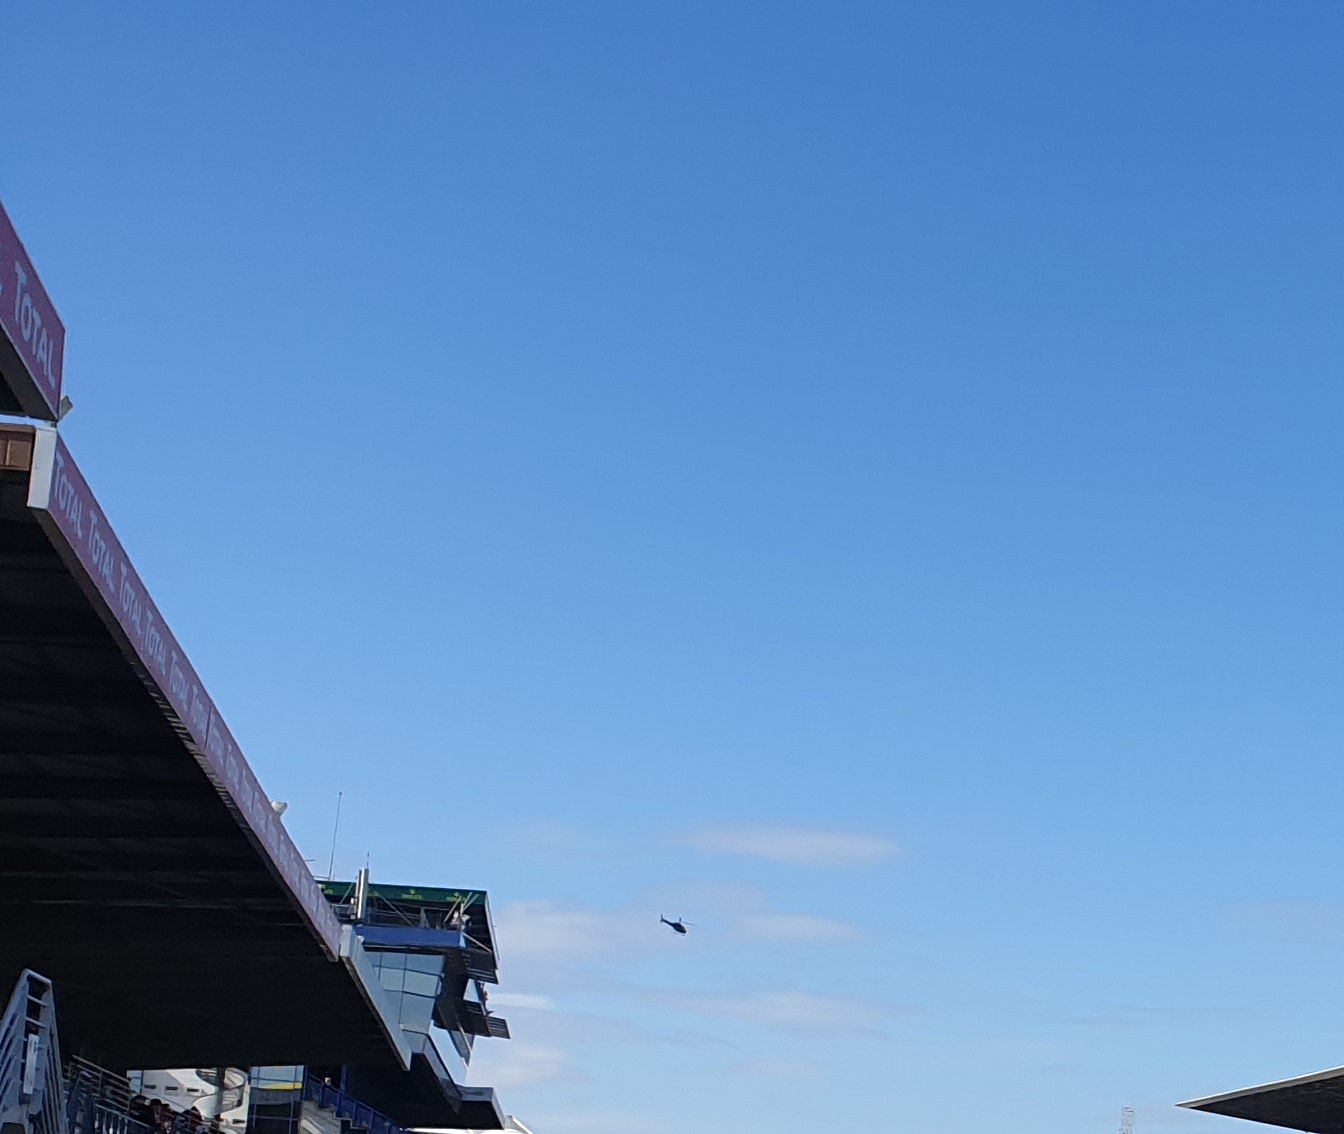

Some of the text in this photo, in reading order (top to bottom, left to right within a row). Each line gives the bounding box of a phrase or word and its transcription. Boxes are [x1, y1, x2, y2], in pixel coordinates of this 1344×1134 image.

[14, 260, 56, 390] TOTAL
[54, 452, 83, 540] TOTAL
[87, 509, 115, 594] TOTAL
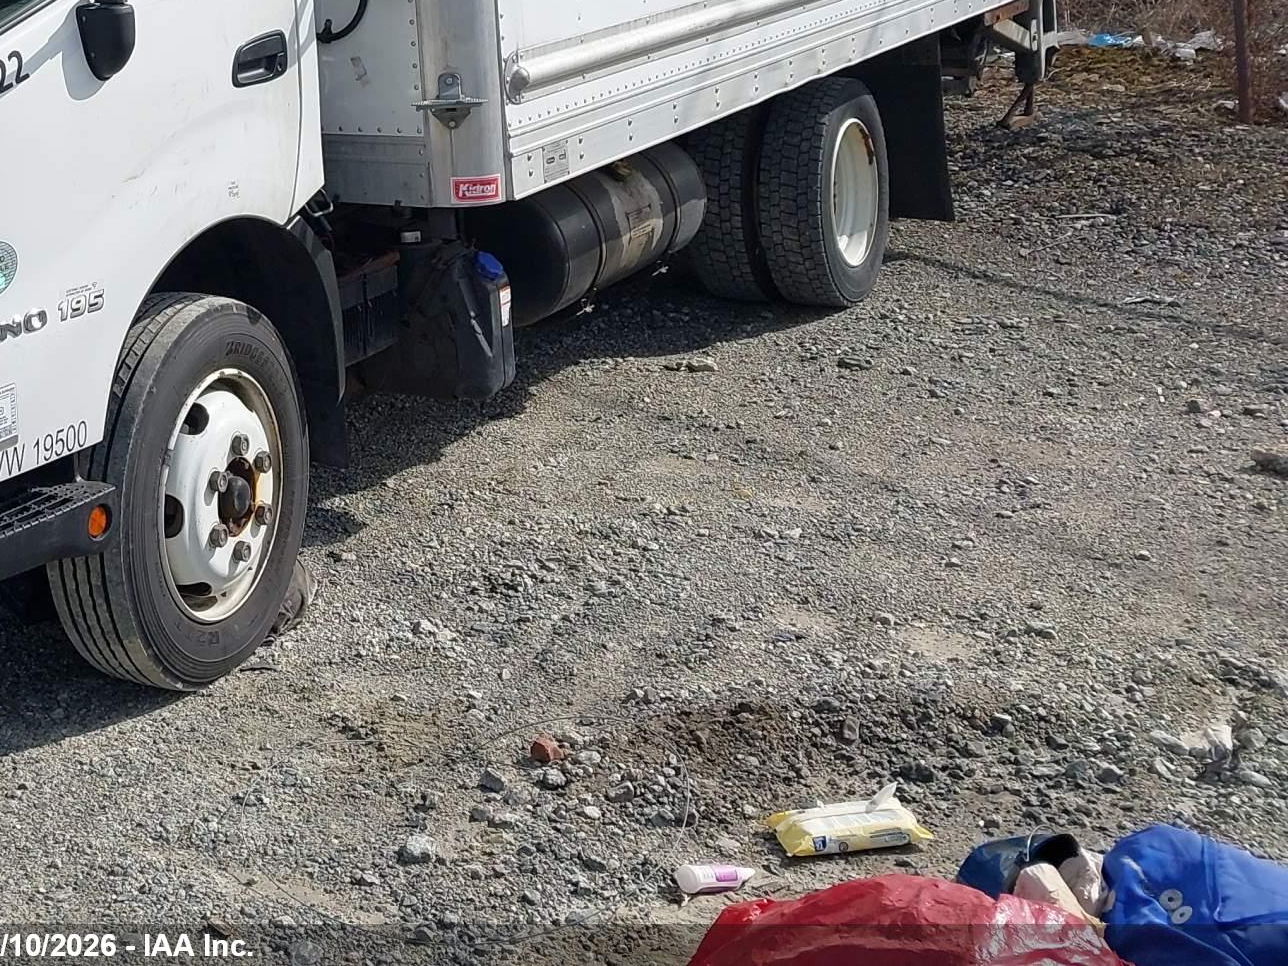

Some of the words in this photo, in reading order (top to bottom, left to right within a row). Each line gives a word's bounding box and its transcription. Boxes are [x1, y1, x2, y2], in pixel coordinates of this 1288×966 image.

[458, 183, 497, 198] Kidron
[57, 288, 105, 323] 195
[33, 420, 88, 466] 19500
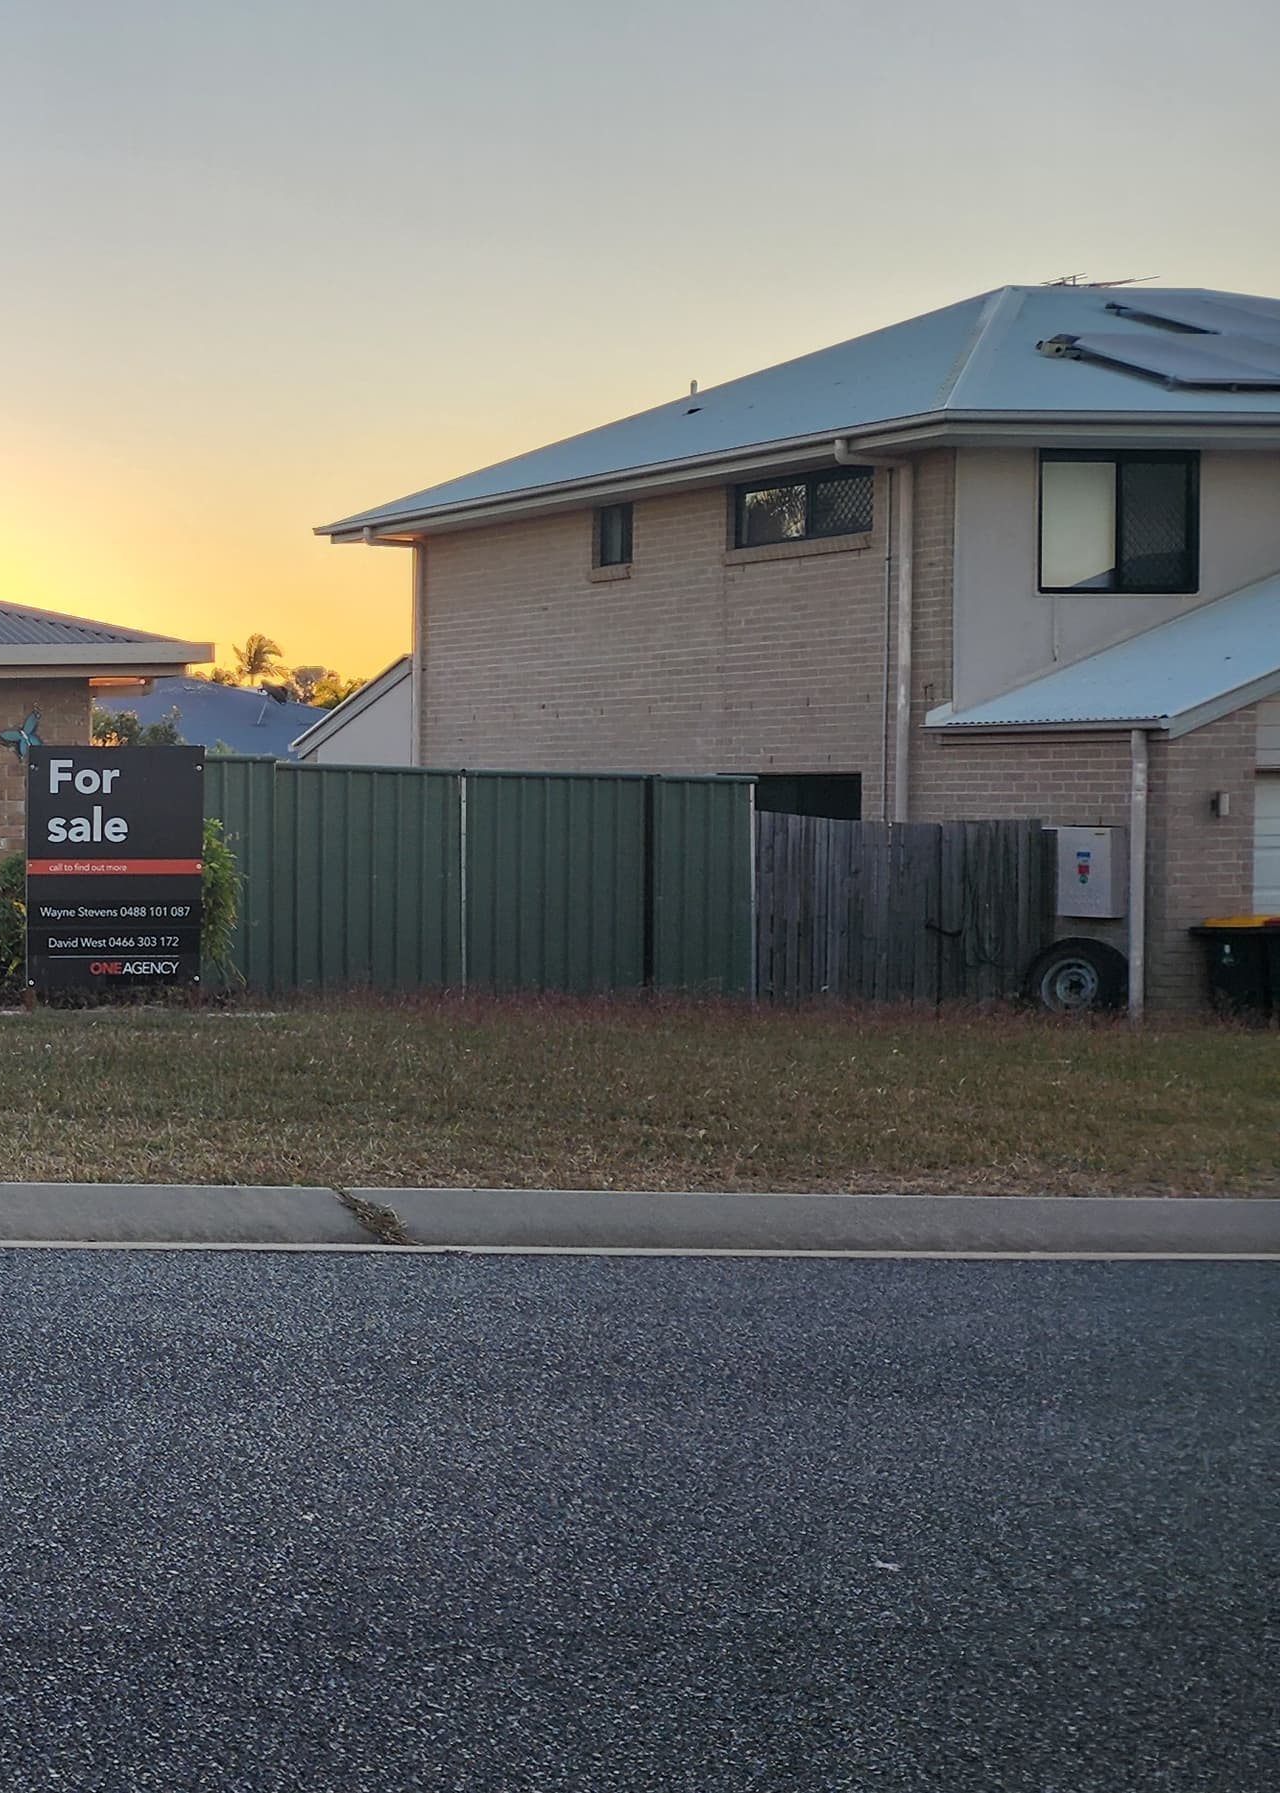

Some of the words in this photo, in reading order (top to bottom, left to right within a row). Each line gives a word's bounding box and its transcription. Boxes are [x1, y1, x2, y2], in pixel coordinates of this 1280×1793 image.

* * * *

_YOUR TASK:_ The images are to be left out; every line above should be set down exactly.

_FINAL ANSWER:_
Some of the text in this photo, in reading order (top to bottom, left to right within a row). Each line gives the bounding box of a phrase or word and its transcription. Boxes are [x1, y1, x2, y2], in pixel coordinates of this 1344×1134 image.

[14, 260, 56, 390] TOTAL
[54, 452, 83, 540] TOTAL
[87, 509, 115, 594] TOTAL

Some of the words in this photo, in reading order (top to bottom, left to right within a row). Each line gives a word's bounding box and its transcription. Boxes are [x1, y1, x2, y2], in pixel coordinates of this 1288×966 image.

[458, 183, 497, 198] Kidron
[57, 288, 105, 323] 195
[33, 420, 88, 466] 19500

Some of the words in this photo, in reading order (top to bottom, left to right within a row). Each line gives a word's bounding box and its transcription. Boxes are [x1, y1, x2, y2], in pixel coordinates of this 1280×1793 image.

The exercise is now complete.